After a while I rouse her and while she still dozes I dress her, wrap her in a blanket and carry her in my arms like an invalid. The watchman opens the gate for me, I put her on the back seat. Just before midnight I arrive at her house.

Will it be possible to deny all this? I want to tell her to say nothing, but I can’t. What I’ve lost I’ve lost. I watch as she disappears through the door of her house.

A small car passes me slowly. I turn to look at it, my habit these last few months. Perhaps it’s him. And I too have become a lover, a lover in search of a lover.

PART FIVE

ASYA

I can’t remember the beginning, the three of us are in another country, somewhere in the East, in Asia, near Afghanistan, I don’t know how I know that it’s near Afghanistan. An afternoon sort of country, the sun strong and low in the sky, but not a desert country, just a dry country, thousands of kilometres from the sea. Fields all around, growing corn, yellow-green, short fat stalks. What we’re doing here I don’t know, we’re not here for a holiday but for a short stay, Adam has work to do here, but he hasn’t actually started working yet, all the time he paces around the house.

We are in trouble. Dafi is pregnant. She was walking in the fields and a seed entered her. She touched nobody, nobody touched her. Not the seed of man but a seed of corn. She sat among the corn stalks and a seed entered her, something like that, vague, frightening … but she is pregnant. We already have the results of the tests, and now she sits before me in a wicker chair, small and pale, and I am filled with despair.

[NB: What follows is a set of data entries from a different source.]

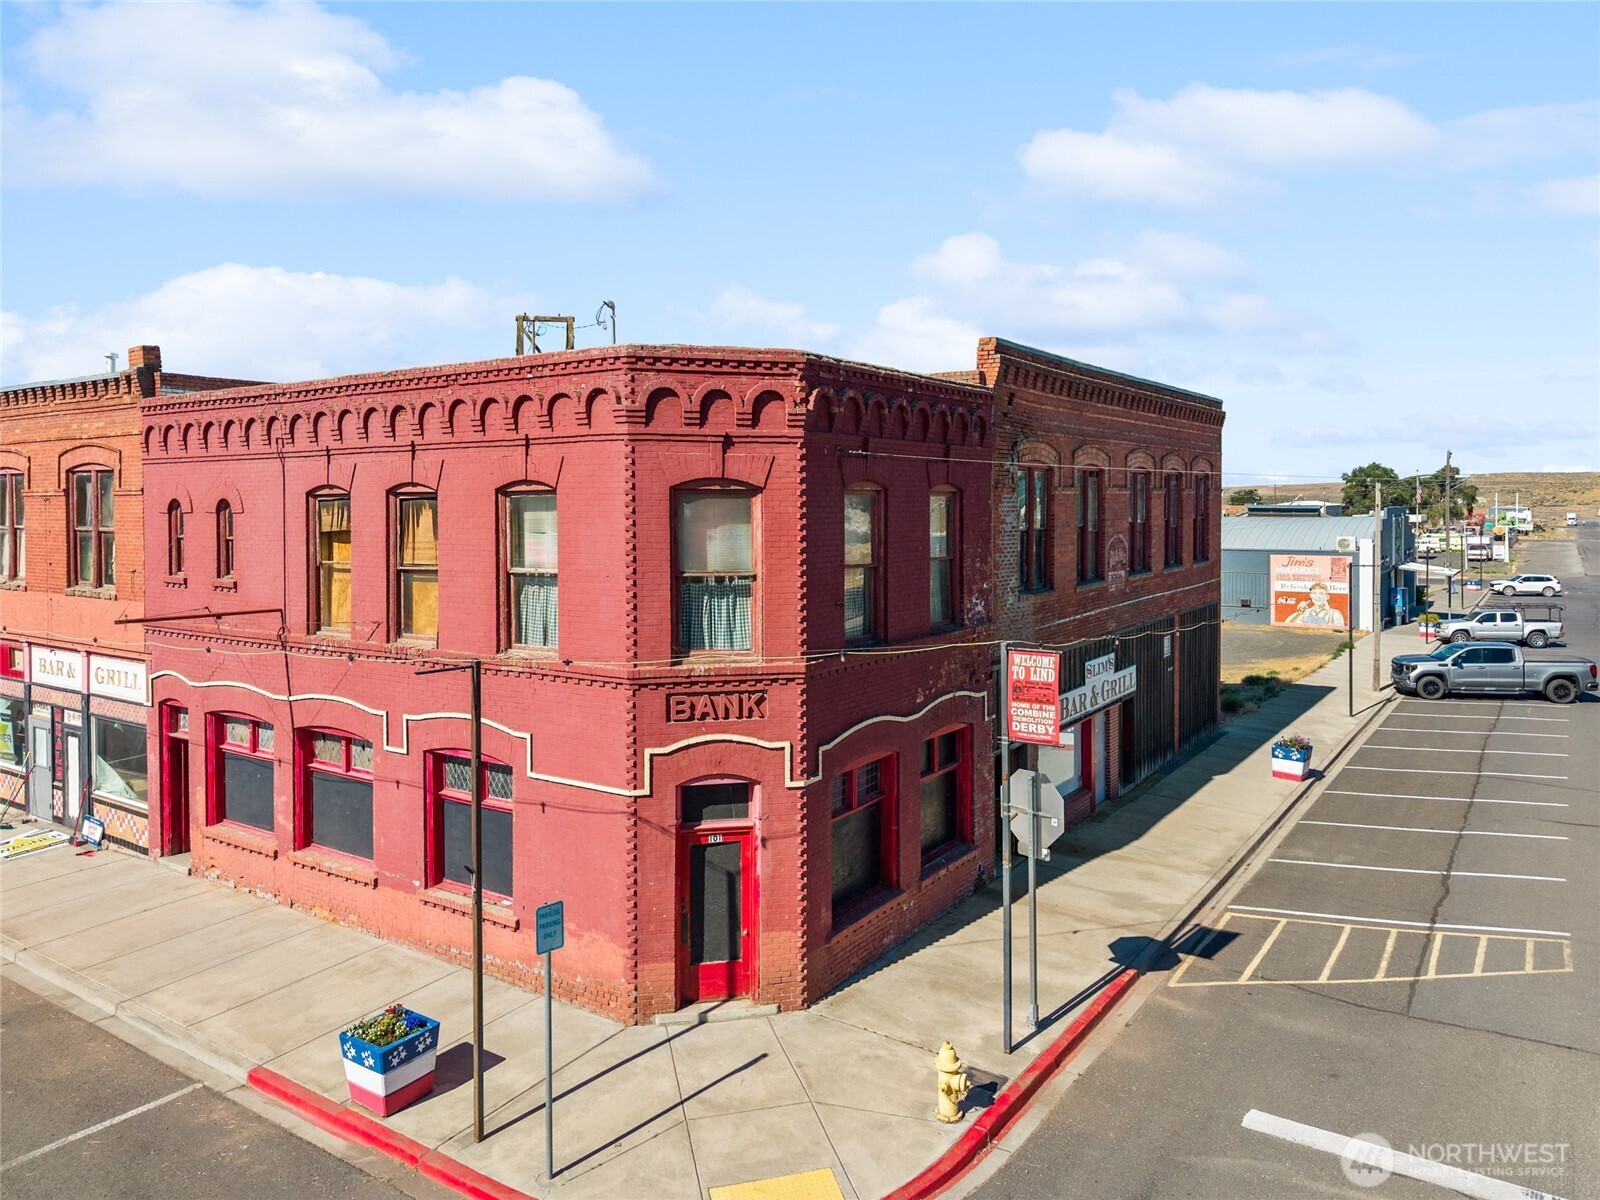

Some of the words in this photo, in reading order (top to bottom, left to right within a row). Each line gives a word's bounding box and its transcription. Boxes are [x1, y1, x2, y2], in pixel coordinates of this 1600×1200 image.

[1281, 555, 1315, 568] Jim's
[1275, 566, 1322, 574] MARKET
[1329, 584, 1347, 592] Here
[1013, 654, 1055, 668] WELCOME
[39, 657, 65, 677] BAR
[67, 661, 76, 679] &
[1012, 665, 1025, 680] TO
[1030, 667, 1055, 682] LIND
[94, 666, 142, 690] GRILL
[1059, 692, 1087, 719] BAR
[1090, 684, 1100, 708] &
[1101, 671, 1136, 702] GRILL
[670, 693, 765, 722] BANK
[1011, 701, 1031, 709] HOME
[1011, 707, 1056, 719] COMBINE
[1012, 715, 1054, 725] DEMOLITION
[1012, 721, 1055, 735] DERBY
[709, 834, 721, 843] 101
[543, 930, 557, 940] ONLY

It’s impossible to tell if Dafi knows the condition she’s in. But I stare at her fearfully and I see that her belly is already swelling a little. It’s amazing, she conceived only a short while ago, but they explained to us that this is a childhood pregnancy, very quick, and it isn’t the first time this has happened to foreigners here on a visit.

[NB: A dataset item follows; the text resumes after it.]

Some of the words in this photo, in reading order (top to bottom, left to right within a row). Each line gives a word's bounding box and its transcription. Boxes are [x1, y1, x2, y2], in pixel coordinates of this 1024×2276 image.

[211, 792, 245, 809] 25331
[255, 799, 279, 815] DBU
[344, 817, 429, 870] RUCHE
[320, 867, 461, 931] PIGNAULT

Adam comes into the room with a doctor. A dark man, swarthy skinned, not black but very dark, with a little wispy beard. He’s come to take Dafi away because she needs urgent treatment, an operation, an abortion, not exactly an abortion, something like that, similar, they are going to take that thing out of her womb, and they will send it to us, a field mouse perhaps, something frightful. A nightmare. Adam has settled the whole business without consulting me.

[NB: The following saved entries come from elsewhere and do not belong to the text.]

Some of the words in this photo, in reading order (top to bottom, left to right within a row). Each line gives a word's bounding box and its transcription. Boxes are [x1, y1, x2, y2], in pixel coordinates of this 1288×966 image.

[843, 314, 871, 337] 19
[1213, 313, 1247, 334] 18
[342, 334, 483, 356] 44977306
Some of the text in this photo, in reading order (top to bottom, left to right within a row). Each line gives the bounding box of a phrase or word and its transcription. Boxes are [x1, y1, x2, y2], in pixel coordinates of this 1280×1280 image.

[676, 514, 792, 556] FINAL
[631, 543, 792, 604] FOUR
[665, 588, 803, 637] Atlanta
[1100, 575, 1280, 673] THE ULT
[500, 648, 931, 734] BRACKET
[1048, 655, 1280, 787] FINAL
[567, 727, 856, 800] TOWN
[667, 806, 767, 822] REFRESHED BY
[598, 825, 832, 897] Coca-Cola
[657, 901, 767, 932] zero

The man, the doctor, God knows what he is, comes close to Dafi and takes her by the hand, and she obeys him, rising from her seat, so miserable. And I thought I was losing my mind, I could kill Adam for submitting to this doctor, I draw him aside and plead with him, “Let’s go home at once, we can take her to doctors there,” and Adam listens but isn’t convinced, the doctor leads Dafi to the door, stands there waiting. I talk hurriedly to Adam, and the doctor listens as if he understands Hebrew, and Adam refuses, shakes his head — “No, only they know how to do this, they will save the mouse.” I’m streaming with sweat, shaking, frantic — “What mouse?” And suddenly Dafi breaks loose from the doctor, runs to me, howling, clutches at me, starts shaking both of us.

ADAM

Dafi shakes me roughly, climbing onto the bed, switching on the light, tugging wildly at my pyjama jacket. “Mommy, Daddy, Shwartzy’s on the phone.” The light hurts my eyes, Dafi’s hair is in a mess, she’s all excited. “Shwartzy’s on the phone, he’s had an accident.”